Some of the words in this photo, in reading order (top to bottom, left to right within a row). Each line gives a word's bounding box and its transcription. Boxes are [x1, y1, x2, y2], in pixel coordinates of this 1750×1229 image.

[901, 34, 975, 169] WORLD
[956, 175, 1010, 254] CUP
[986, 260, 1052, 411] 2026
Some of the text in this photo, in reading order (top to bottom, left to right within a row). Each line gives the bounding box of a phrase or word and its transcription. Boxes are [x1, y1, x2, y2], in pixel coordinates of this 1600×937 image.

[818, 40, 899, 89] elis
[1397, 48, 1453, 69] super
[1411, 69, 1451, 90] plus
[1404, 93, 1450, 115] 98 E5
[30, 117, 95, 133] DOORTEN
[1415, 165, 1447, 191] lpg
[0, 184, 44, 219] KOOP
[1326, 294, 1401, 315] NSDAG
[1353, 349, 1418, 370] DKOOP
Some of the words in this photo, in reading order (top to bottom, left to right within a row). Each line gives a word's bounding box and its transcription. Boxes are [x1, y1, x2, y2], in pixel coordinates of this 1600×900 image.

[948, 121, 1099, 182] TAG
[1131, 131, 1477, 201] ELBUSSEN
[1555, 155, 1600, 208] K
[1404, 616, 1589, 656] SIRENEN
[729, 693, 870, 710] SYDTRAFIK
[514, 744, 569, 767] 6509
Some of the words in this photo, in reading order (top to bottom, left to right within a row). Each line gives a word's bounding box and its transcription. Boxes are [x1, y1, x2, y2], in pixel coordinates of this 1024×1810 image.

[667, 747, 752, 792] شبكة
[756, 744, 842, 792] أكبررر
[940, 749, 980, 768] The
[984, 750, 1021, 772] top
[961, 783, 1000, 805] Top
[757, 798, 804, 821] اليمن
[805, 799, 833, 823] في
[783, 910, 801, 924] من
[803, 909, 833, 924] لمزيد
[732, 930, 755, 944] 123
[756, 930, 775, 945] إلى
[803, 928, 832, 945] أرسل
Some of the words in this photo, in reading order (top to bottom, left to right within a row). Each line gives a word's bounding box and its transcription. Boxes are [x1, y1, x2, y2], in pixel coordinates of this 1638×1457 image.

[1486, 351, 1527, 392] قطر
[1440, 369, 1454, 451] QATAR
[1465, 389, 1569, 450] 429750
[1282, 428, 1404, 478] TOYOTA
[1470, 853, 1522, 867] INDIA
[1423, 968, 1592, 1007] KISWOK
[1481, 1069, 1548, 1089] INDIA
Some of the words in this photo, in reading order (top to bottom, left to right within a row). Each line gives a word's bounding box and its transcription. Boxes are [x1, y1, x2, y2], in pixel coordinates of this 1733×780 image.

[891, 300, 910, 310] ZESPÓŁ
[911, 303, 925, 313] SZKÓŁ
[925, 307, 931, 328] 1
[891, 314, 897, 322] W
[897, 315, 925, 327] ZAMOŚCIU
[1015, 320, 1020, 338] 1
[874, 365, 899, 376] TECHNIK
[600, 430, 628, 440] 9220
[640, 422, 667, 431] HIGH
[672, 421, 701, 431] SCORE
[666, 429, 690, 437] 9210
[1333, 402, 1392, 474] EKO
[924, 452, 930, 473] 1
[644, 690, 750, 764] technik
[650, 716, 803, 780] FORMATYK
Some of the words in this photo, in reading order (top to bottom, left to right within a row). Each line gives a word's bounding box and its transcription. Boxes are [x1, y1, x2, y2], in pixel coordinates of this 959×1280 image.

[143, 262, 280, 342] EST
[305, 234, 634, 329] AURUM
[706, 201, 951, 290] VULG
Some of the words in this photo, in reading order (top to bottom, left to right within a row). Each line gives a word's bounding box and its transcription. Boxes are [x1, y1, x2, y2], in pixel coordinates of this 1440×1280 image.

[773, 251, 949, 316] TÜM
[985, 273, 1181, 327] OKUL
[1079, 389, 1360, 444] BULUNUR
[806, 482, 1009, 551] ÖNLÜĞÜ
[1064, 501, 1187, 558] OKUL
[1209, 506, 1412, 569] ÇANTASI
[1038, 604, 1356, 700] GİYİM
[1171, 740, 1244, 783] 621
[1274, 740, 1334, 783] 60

━━━━━━━━━━━━━━━━━━━━━━━━━━━━━━

* _TASK STATEMENT_
Transcribe, exactly and completely, all of the entries.

* _EXERCISE RESPONSE_
Some of the words in this photo, in reading order (top to bottom, left to right within a row). Each line gives a word's bounding box and its transcription. Boxes are [x1, y1, x2, y2], in pixel coordinates of this 1750×1229 image.

[901, 34, 975, 169] WORLD
[956, 175, 1010, 254] CUP
[986, 260, 1052, 411] 2026
Some of the text in this photo, in reading order (top to bottom, left to right within a row). Each line gives the bounding box of a phrase or word and its transcription. Boxes are [x1, y1, x2, y2], in pixel coordinates of this 1600×937 image.

[818, 40, 899, 89] elis
[1397, 48, 1453, 69] super
[1411, 69, 1451, 90] plus
[1404, 93, 1450, 115] 98 E5
[30, 117, 95, 133] DOORTEN
[1415, 165, 1447, 191] lpg
[0, 184, 44, 219] KOOP
[1326, 294, 1401, 315] NSDAG
[1353, 349, 1418, 370] DKOOP
Some of the words in this photo, in reading order (top to bottom, left to right within a row). Each line gives a word's bounding box and its transcription. Boxes are [x1, y1, x2, y2], in pixel coordinates of this 1600×900 image.

[948, 121, 1099, 182] TAG
[1131, 131, 1477, 201] ELBUSSEN
[1555, 155, 1600, 208] K
[1404, 616, 1589, 656] SIRENEN
[729, 693, 870, 710] SYDTRAFIK
[514, 744, 569, 767] 6509
Some of the words in this photo, in reading order (top to bottom, left to right within a row). Each line gives a word's bounding box and its transcription. Boxes are [x1, y1, x2, y2], in pixel coordinates of this 1024×1810 image.

[667, 747, 752, 792] شبكة
[756, 744, 842, 792] أكبررر
[940, 749, 980, 768] The
[984, 750, 1021, 772] top
[961, 783, 1000, 805] Top
[757, 798, 804, 821] اليمن
[805, 799, 833, 823] في
[783, 910, 801, 924] من
[803, 909, 833, 924] لمزيد
[732, 930, 755, 944] 123
[756, 930, 775, 945] إلى
[803, 928, 832, 945] أرسل
Some of the words in this photo, in reading order (top to bottom, left to right within a row). Each line gives a word's bounding box and its transcription. Boxes are [x1, y1, x2, y2], in pixel coordinates of this 1638×1457 image.

[1486, 351, 1527, 392] قطر
[1440, 369, 1454, 451] QATAR
[1465, 389, 1569, 450] 429750
[1282, 428, 1404, 478] TOYOTA
[1470, 853, 1522, 867] INDIA
[1423, 968, 1592, 1007] KISWOK
[1481, 1069, 1548, 1089] INDIA
Some of the words in this photo, in reading order (top to bottom, left to right within a row). Each line gives a word's bounding box and its transcription. Boxes are [x1, y1, x2, y2], in pixel coordinates of this 1733×780 image.

[891, 300, 910, 310] ZESPÓŁ
[911, 303, 925, 313] SZKÓŁ
[925, 307, 931, 328] 1
[891, 314, 897, 322] W
[897, 315, 925, 327] ZAMOŚCIU
[1015, 320, 1020, 338] 1
[874, 365, 899, 376] TECHNIK
[600, 430, 628, 440] 9220
[640, 422, 667, 431] HIGH
[672, 421, 701, 431] SCORE
[666, 429, 690, 437] 9210
[1333, 402, 1392, 474] EKO
[924, 452, 930, 473] 1
[644, 690, 750, 764] technik
[650, 716, 803, 780] FORMATYK
Some of the words in this photo, in reading order (top to bottom, left to right within a row). Each line gives a word's bounding box and its transcription. Boxes are [x1, y1, x2, y2], in pixel coordinates of this 959×1280 image.

[143, 262, 280, 342] EST
[305, 234, 634, 329] AURUM
[706, 201, 951, 290] VULG
Some of the words in this photo, in reading order (top to bottom, left to right within a row). Each line gives a word's bounding box and its transcription. Boxes are [x1, y1, x2, y2], in pixel coordinates of this 1440×1280 image.

[773, 251, 949, 316] TÜM
[985, 273, 1181, 327] OKUL
[1079, 389, 1360, 444] BULUNUR
[806, 482, 1009, 551] ÖNLÜĞÜ
[1064, 501, 1187, 558] OKUL
[1209, 506, 1412, 569] ÇANTASI
[1038, 604, 1356, 700] GİYİM
[1171, 740, 1244, 783] 621
[1274, 740, 1334, 783] 60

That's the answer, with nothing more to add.